__INFORMATION PROVIDED__:
■ ■ ■ ■ ■

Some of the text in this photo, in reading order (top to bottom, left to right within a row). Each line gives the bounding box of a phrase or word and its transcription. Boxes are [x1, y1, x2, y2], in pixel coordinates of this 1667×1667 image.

■ ■ ■ ■ ■

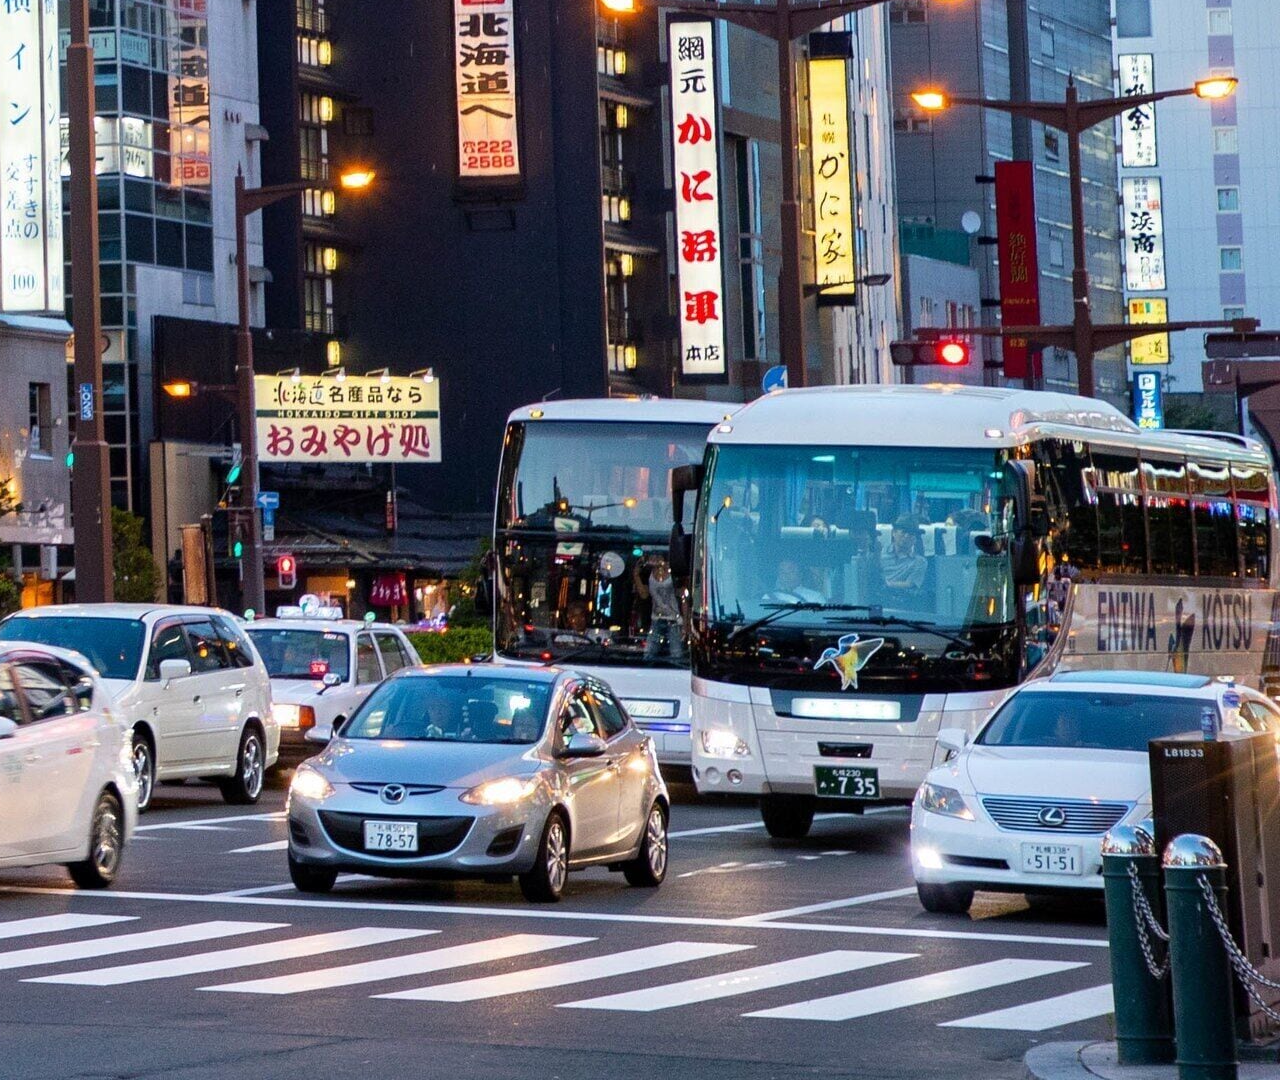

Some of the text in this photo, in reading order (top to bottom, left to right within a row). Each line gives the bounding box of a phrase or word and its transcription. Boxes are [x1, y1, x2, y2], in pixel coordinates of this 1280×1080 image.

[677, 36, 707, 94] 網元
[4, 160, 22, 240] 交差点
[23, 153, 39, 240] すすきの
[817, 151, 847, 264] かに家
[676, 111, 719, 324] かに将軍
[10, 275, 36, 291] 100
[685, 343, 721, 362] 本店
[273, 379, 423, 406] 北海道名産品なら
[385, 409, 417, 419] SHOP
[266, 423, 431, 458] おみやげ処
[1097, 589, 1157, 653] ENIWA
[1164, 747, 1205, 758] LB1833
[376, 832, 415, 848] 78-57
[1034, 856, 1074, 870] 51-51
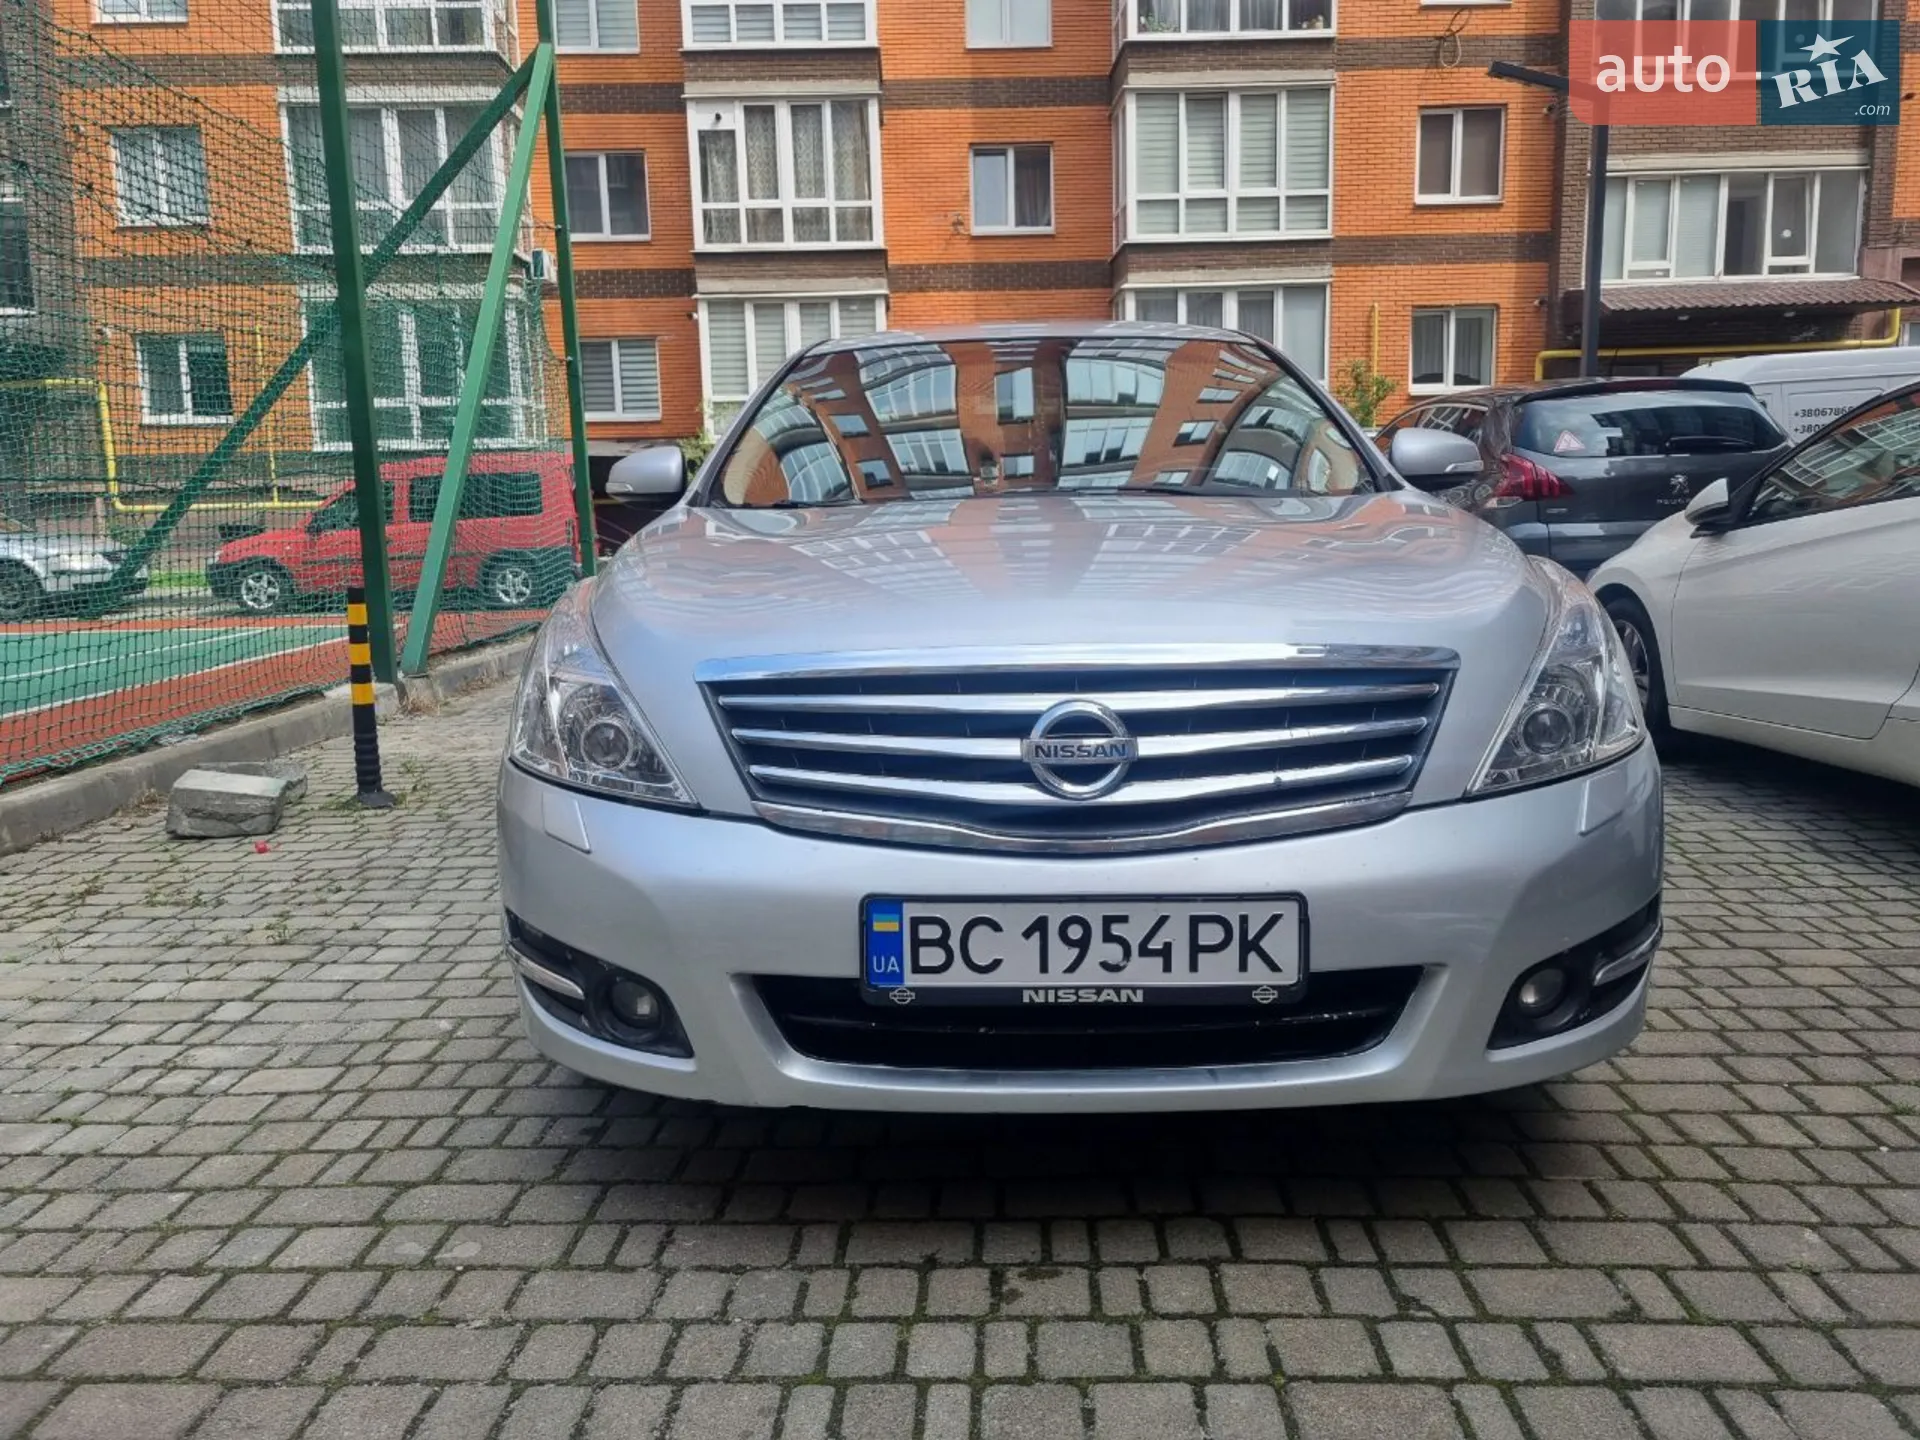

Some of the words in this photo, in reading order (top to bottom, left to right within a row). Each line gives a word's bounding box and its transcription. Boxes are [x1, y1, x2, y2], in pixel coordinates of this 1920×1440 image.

■ ■ ■ ■ ■

__TASK__:
Range to copy from the listing above: the line with "this 1280×1080 image." through the line with "Some of the words". Transcribe it exactly and skip the pictures.

__ANSWER BOX__:
Some of the text in this photo, in reading order (top to bottom, left to right within a row). Each line gives the bounding box of a phrase or word and its transcription. Boxes are [x1, y1, x2, y2], in pixel coordinates of this 1280×1080 image.

[677, 36, 707, 94] 網元
[4, 160, 22, 240] 交差点
[23, 153, 39, 240] すすきの
[817, 151, 847, 264] かに家
[676, 111, 719, 324] かに将軍
[10, 275, 36, 291] 100
[685, 343, 721, 362] 本店
[273, 379, 423, 406] 北海道名産品なら
[385, 409, 417, 419] SHOP
[266, 423, 431, 458] おみやげ処
[1097, 589, 1157, 653] ENIWA
[1164, 747, 1205, 758] LB1833
[376, 832, 415, 848] 78-57
[1034, 856, 1074, 870] 51-51

Some of the words in this photo, in reading order (top to bottom, left to right within a row). Each line gives a word's bounding box and its transcription. Boxes are [x1, y1, x2, y2], in pixel coordinates of this 1920×1440 image.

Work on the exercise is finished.